* _What you will do_: With pictures left out, retype exactly the lines from the one containing "this 960×1280 image." through the final line of the entries.

_ _ _ _

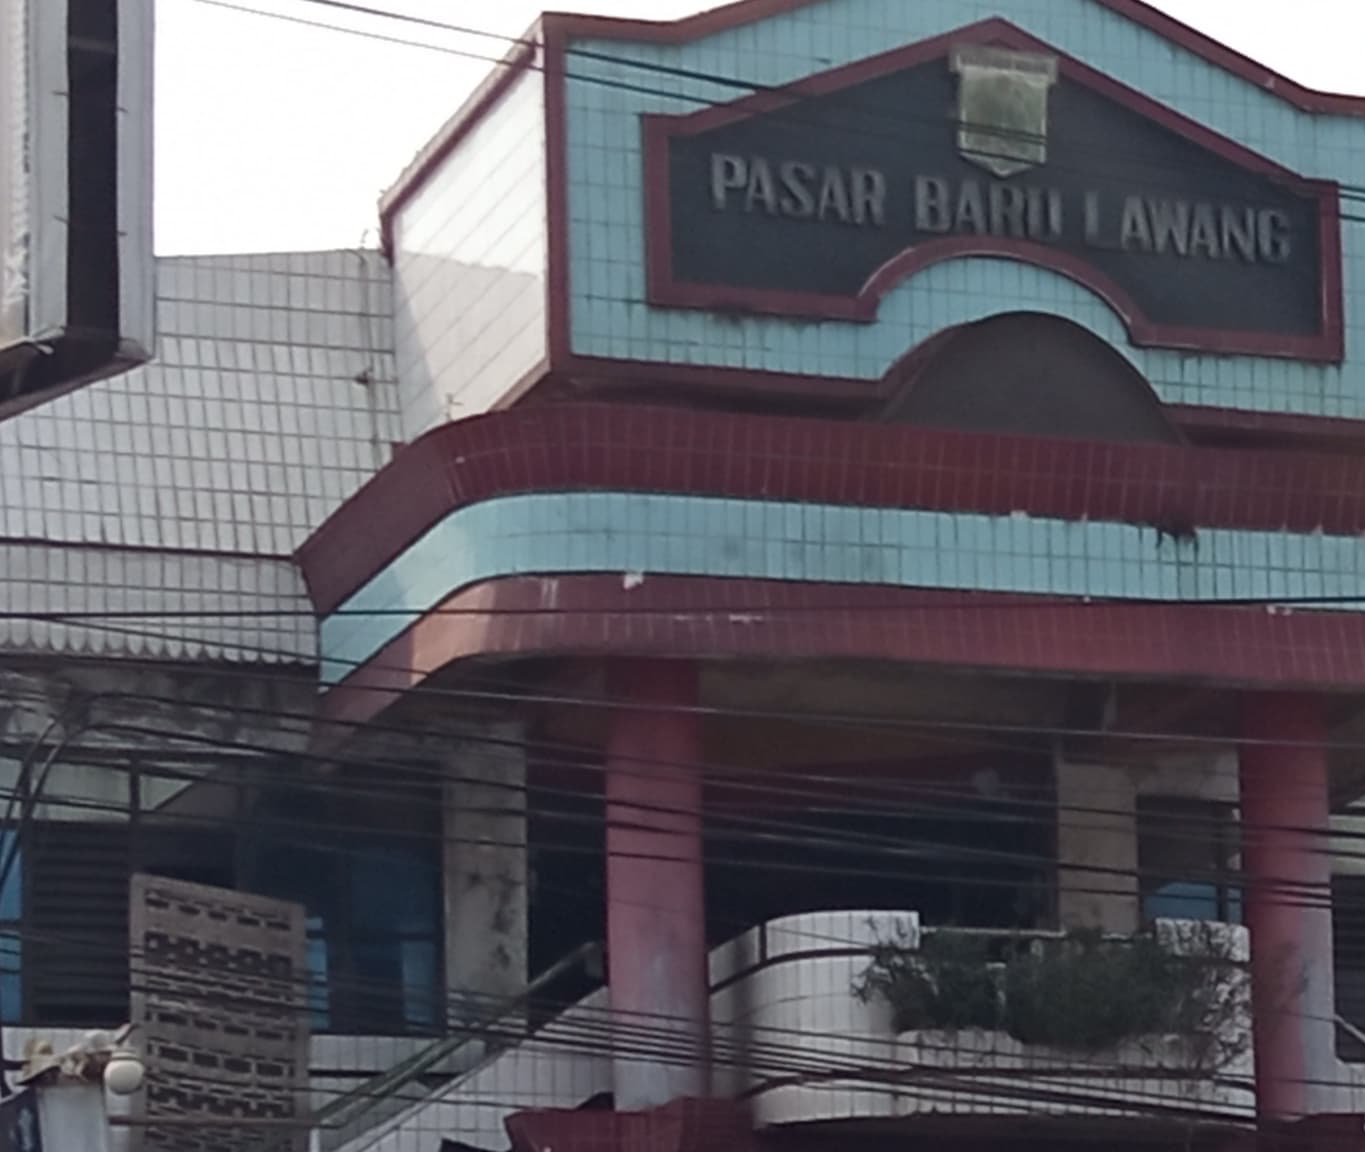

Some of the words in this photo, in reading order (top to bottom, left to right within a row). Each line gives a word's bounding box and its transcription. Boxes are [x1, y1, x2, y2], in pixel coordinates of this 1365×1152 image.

[709, 152, 886, 226] PASAR
[914, 175, 1062, 239] BARU
[1084, 189, 1291, 264] LAWANG
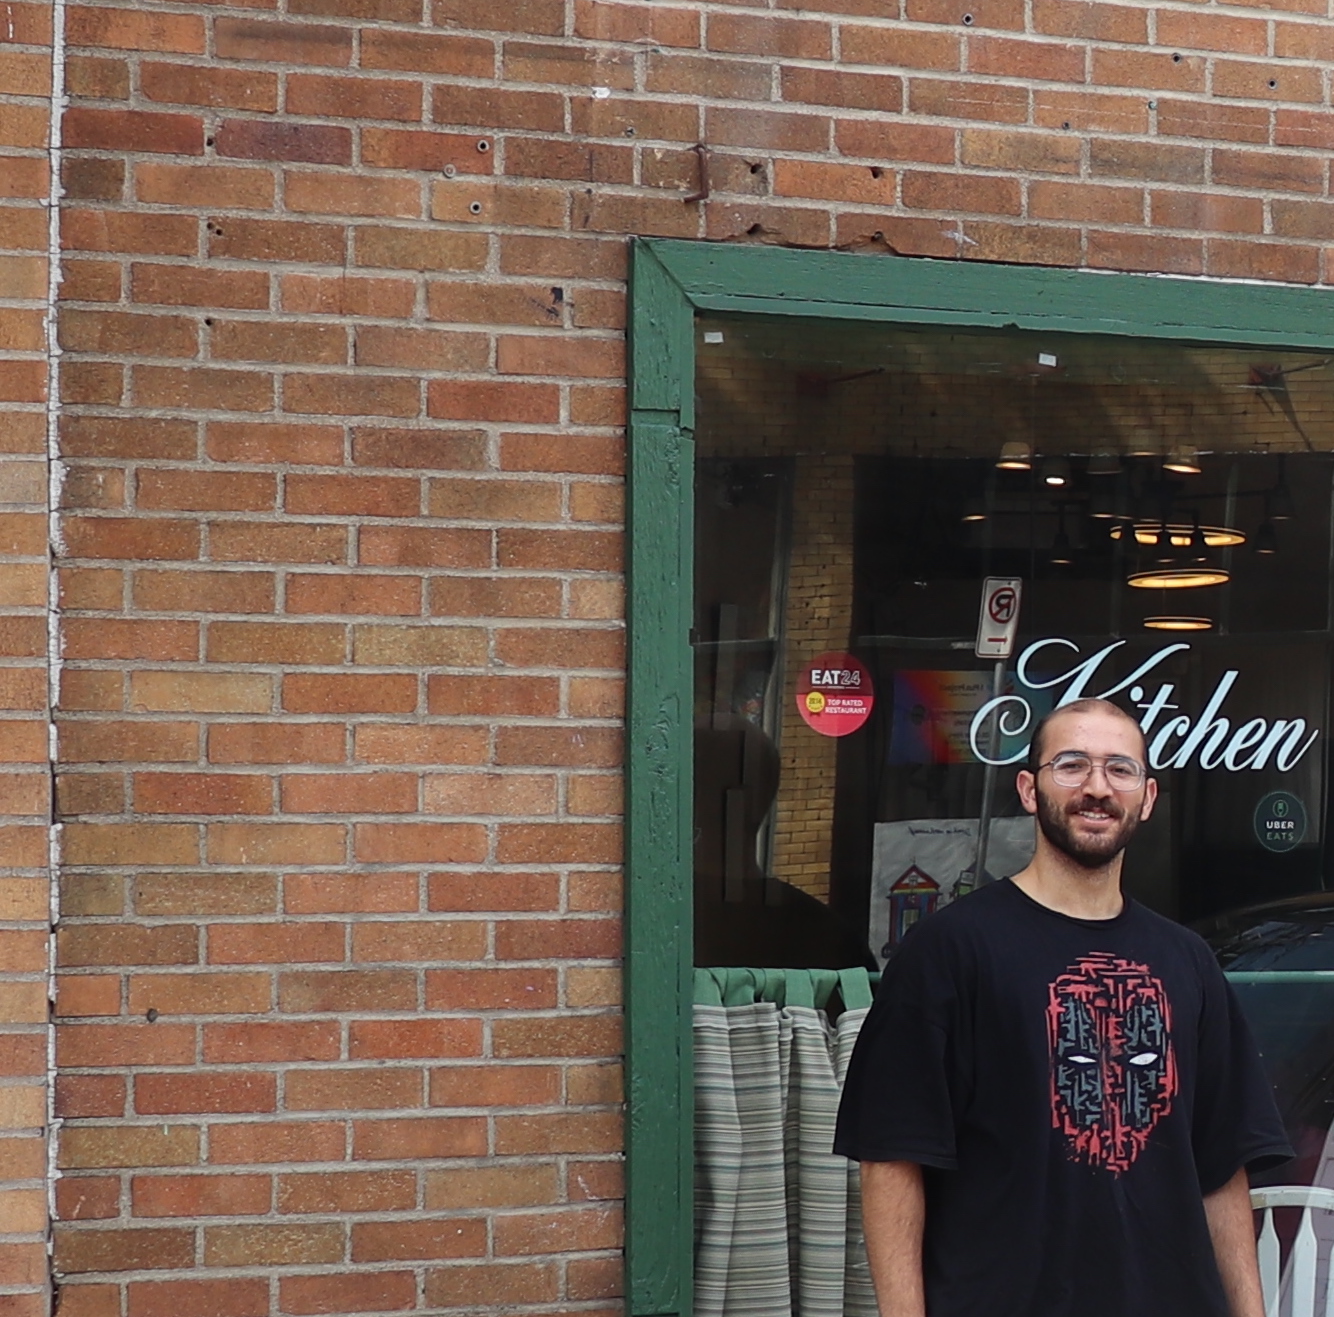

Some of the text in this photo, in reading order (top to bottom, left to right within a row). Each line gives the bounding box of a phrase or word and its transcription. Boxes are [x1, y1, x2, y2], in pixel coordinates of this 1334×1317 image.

[810, 669, 861, 686] EAT24
[827, 698, 864, 707] TOP RATED
[825, 706, 867, 714] RESTAURANT
[1265, 820, 1295, 830] UBER
[1265, 831, 1295, 841] EATS
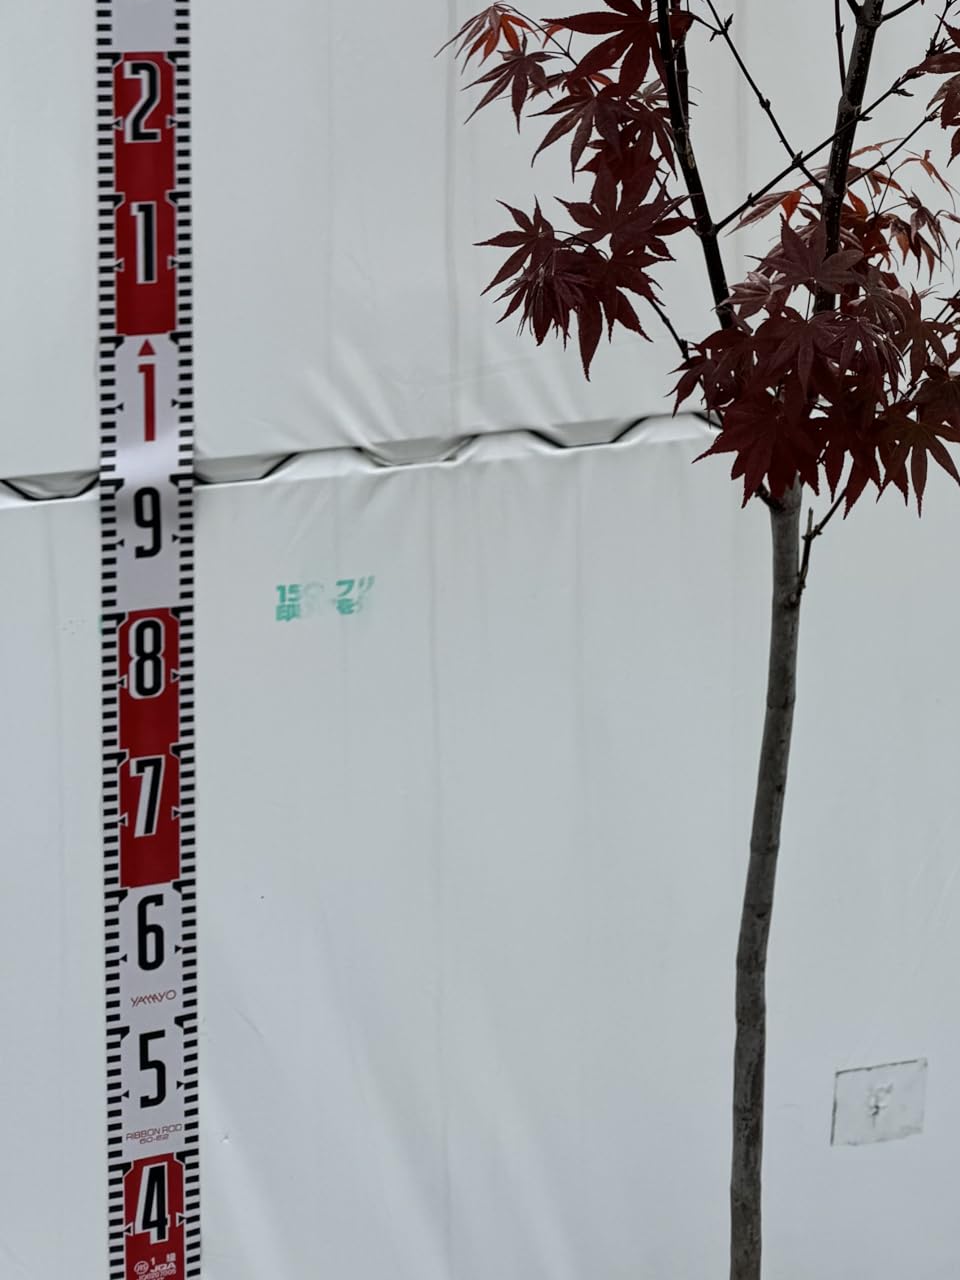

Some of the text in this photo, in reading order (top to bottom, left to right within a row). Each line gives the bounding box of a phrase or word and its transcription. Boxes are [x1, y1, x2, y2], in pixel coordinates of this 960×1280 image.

[123, 60, 162, 144] 2
[130, 201, 157, 285] 1
[138, 363, 156, 442] 1
[133, 486, 162, 559] 9
[128, 617, 165, 700] 8
[129, 754, 165, 838] 7
[137, 893, 164, 971] 6
[139, 1029, 166, 1108] 5
[126, 1123, 183, 1140] RIBBON ROD
[134, 1161, 171, 1245] 4
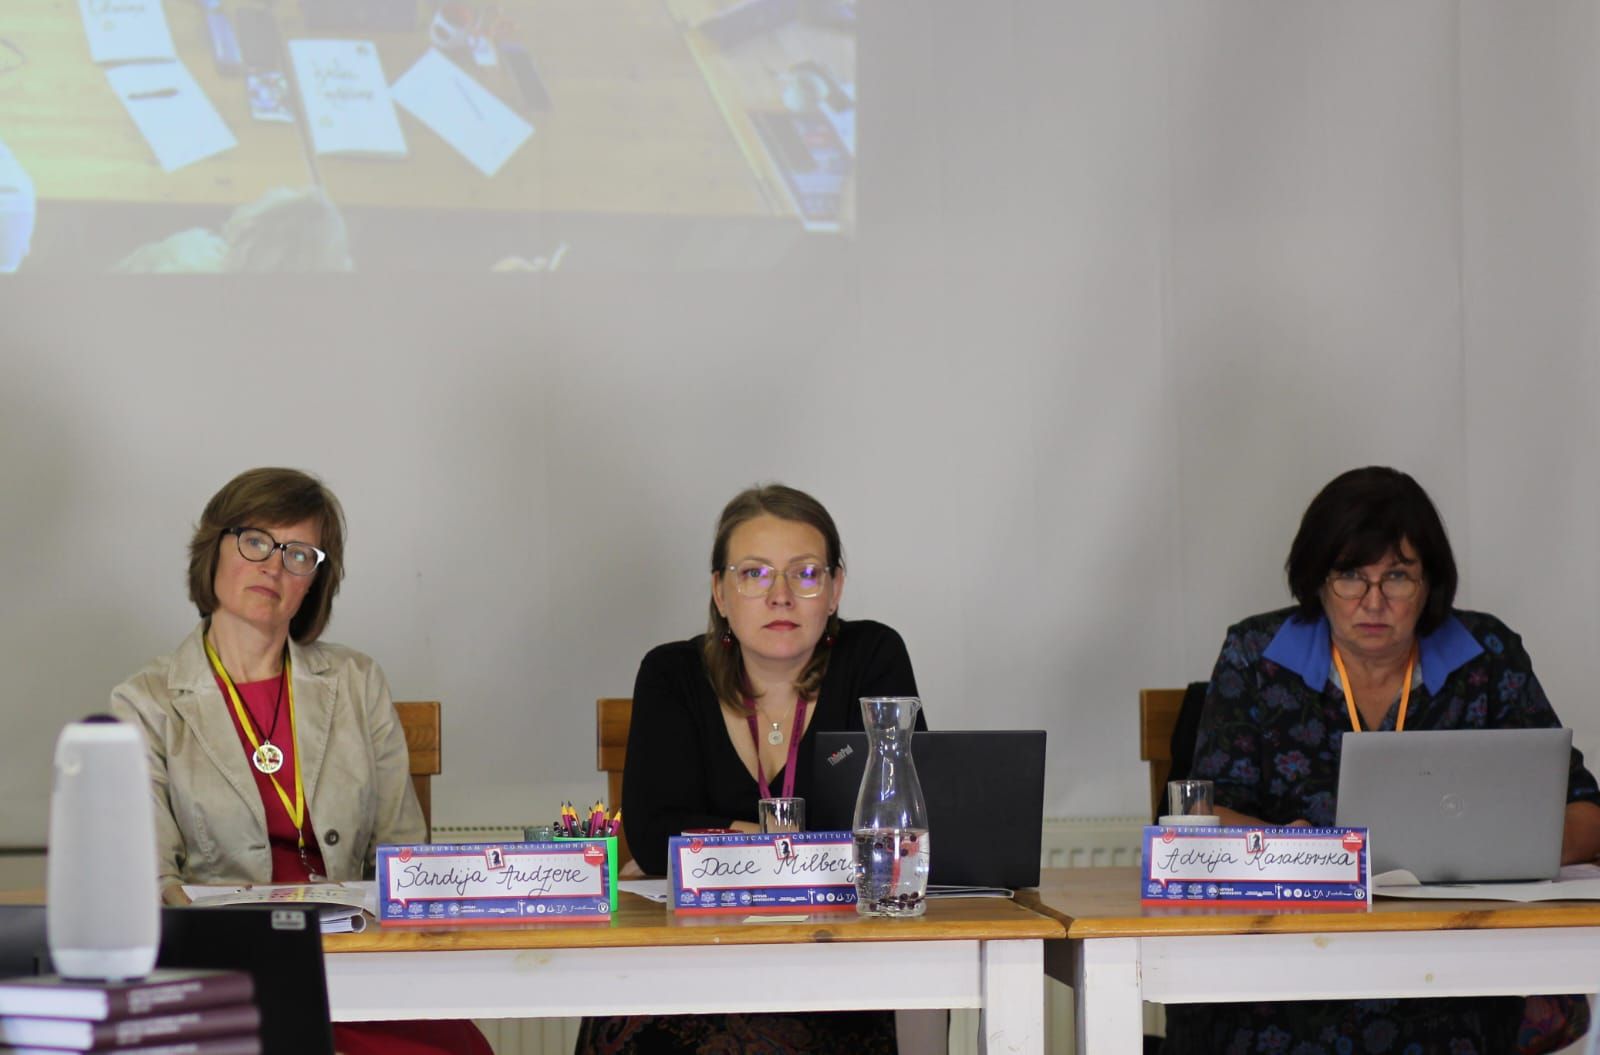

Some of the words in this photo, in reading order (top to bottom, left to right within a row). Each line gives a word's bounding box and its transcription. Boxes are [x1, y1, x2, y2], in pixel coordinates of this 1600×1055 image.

[692, 857, 761, 878] Dace
[1157, 847, 1238, 873] Adrija
[397, 862, 488, 896] Sandija
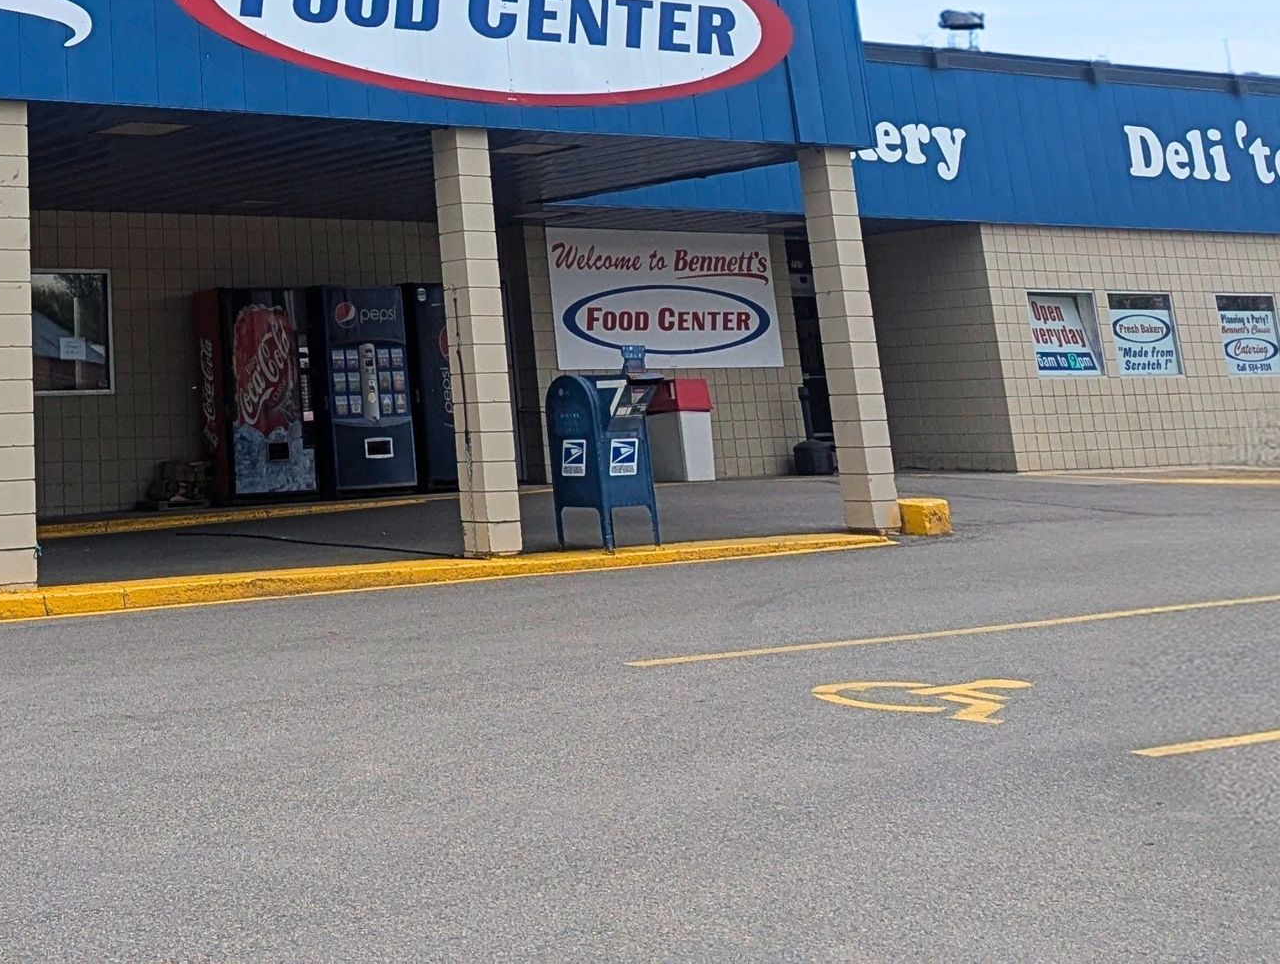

_ _ _ _

* _Your response_:
Some of the text in this photo, in reading order (top to bottom, left to right within a row). Each line gives the bounding box of a phrase or word and its transcription. Boxes are [x1, y1, x2, y2], in pixel coordinates of this 960×1280 image.

[123, 60, 162, 144] 2
[130, 201, 157, 285] 1
[138, 363, 156, 442] 1
[133, 486, 162, 559] 9
[128, 617, 165, 700] 8
[129, 754, 165, 838] 7
[137, 893, 164, 971] 6
[139, 1029, 166, 1108] 5
[126, 1123, 183, 1140] RIBBON ROD
[134, 1161, 171, 1245] 4

Some of the words in this photo, in reading order (top to bottom, left to right within a row). Each line gives a word's bounding box and its transcription. Boxes are [x1, y1, x2, y2], in pixel coordinates of this 1600×1055 image.

[692, 857, 761, 878] Dace
[1157, 847, 1238, 873] Adrija
[397, 862, 488, 896] Sandija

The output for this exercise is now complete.